Week in review: Real Estate Investment Trusts 2025
- Ronny Kazyska

- Oct 18
- 1 min read
This week, I was in London for meetings. I used my stay to attend a professional event on real estate investment trusts (REITs) organized by the Capital Markets Unit of the Urban Land Institute (ULI).
When traveling abroad, I carefully plan my schedule to ensure that business meetings and professional events complement each other perfectly. Exchanging ideas with international market participants creates added value and new perspectives for my daily work.
The REIT seminar took place at the headquarters of the global auditing firm EY.
While the British market boasts a wide range and depth of capital markets, thanks to an open and reformed REIT regime, Germany plays a relatively minor role internationally. As things stand, there are only two active companies: Hamborner REIT AG and Fair Value REIT-AG.
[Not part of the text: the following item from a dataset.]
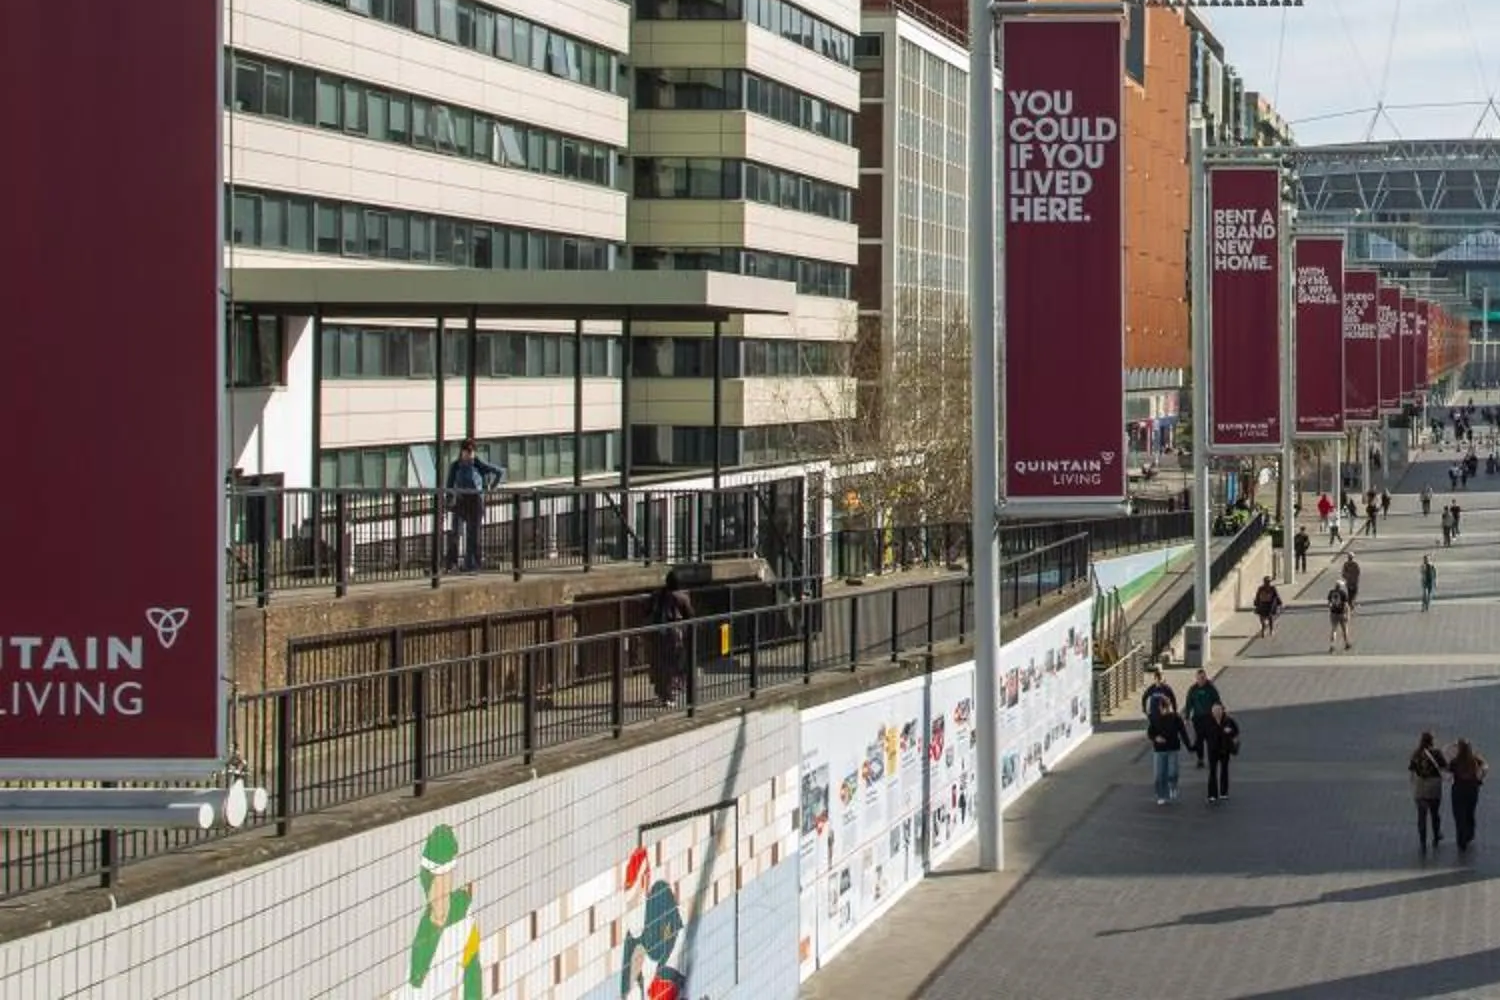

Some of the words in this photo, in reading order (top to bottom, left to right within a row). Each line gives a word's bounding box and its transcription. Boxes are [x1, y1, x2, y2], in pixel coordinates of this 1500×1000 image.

According to press reports, Deutsche Konsum REIT-AG is at risk of losing its REIT status. Alstria office REIT-AG has already lost it following its takeover by Brookfield.
My assessment:
For the German market to catch up internationally, it needs more regulatory flexibility, tax clarity for foreign investors, and greater awareness of capital market viability.
In the UK, capital market viability with a broad ownership base, high liquidity, professional reporting, and stable index anchoring is already a reality.
To become internationally competitive, Germany should follow this example and specifically strengthen the capital market viability of the REIT segment.